Provided data ::

----------------------------------------

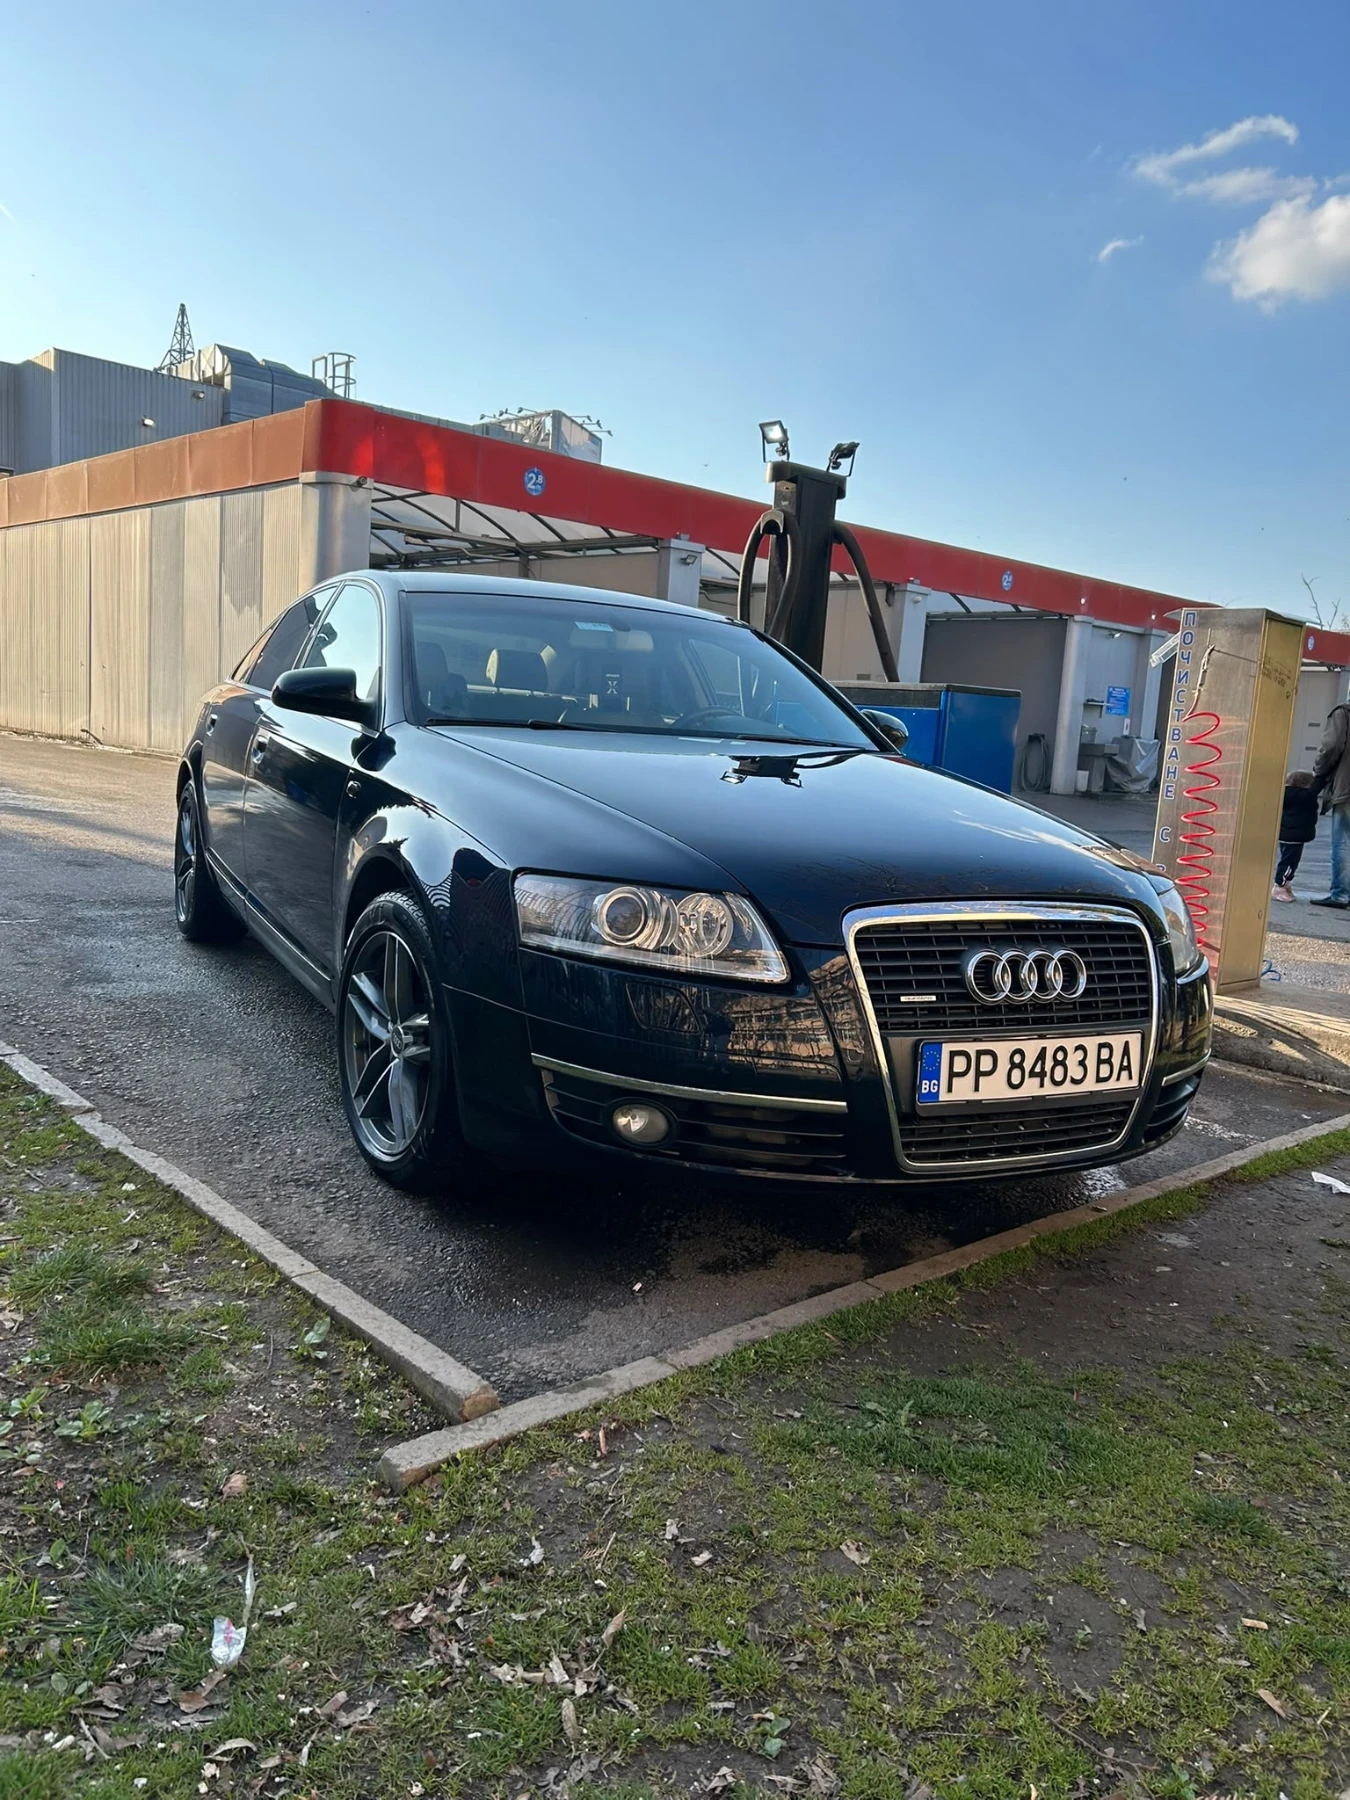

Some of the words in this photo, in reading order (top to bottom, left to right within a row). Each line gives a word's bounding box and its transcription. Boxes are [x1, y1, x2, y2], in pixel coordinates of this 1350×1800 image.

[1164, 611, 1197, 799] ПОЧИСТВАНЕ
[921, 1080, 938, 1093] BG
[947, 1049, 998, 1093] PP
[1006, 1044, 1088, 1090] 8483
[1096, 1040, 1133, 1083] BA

----------------------------------------

Problem ::
Write out all the entries again, word for word, and print no images.

Exercise answer ::
Some of the words in this photo, in reading order (top to bottom, left to right within a row). Each line gives a word's bounding box and its transcription. Boxes are [x1, y1, x2, y2], in pixel coordinates of this 1350×1800 image.

[1164, 611, 1197, 799] ПОЧИСТВАНЕ
[921, 1080, 938, 1093] BG
[947, 1049, 998, 1093] PP
[1006, 1044, 1088, 1090] 8483
[1096, 1040, 1133, 1083] BA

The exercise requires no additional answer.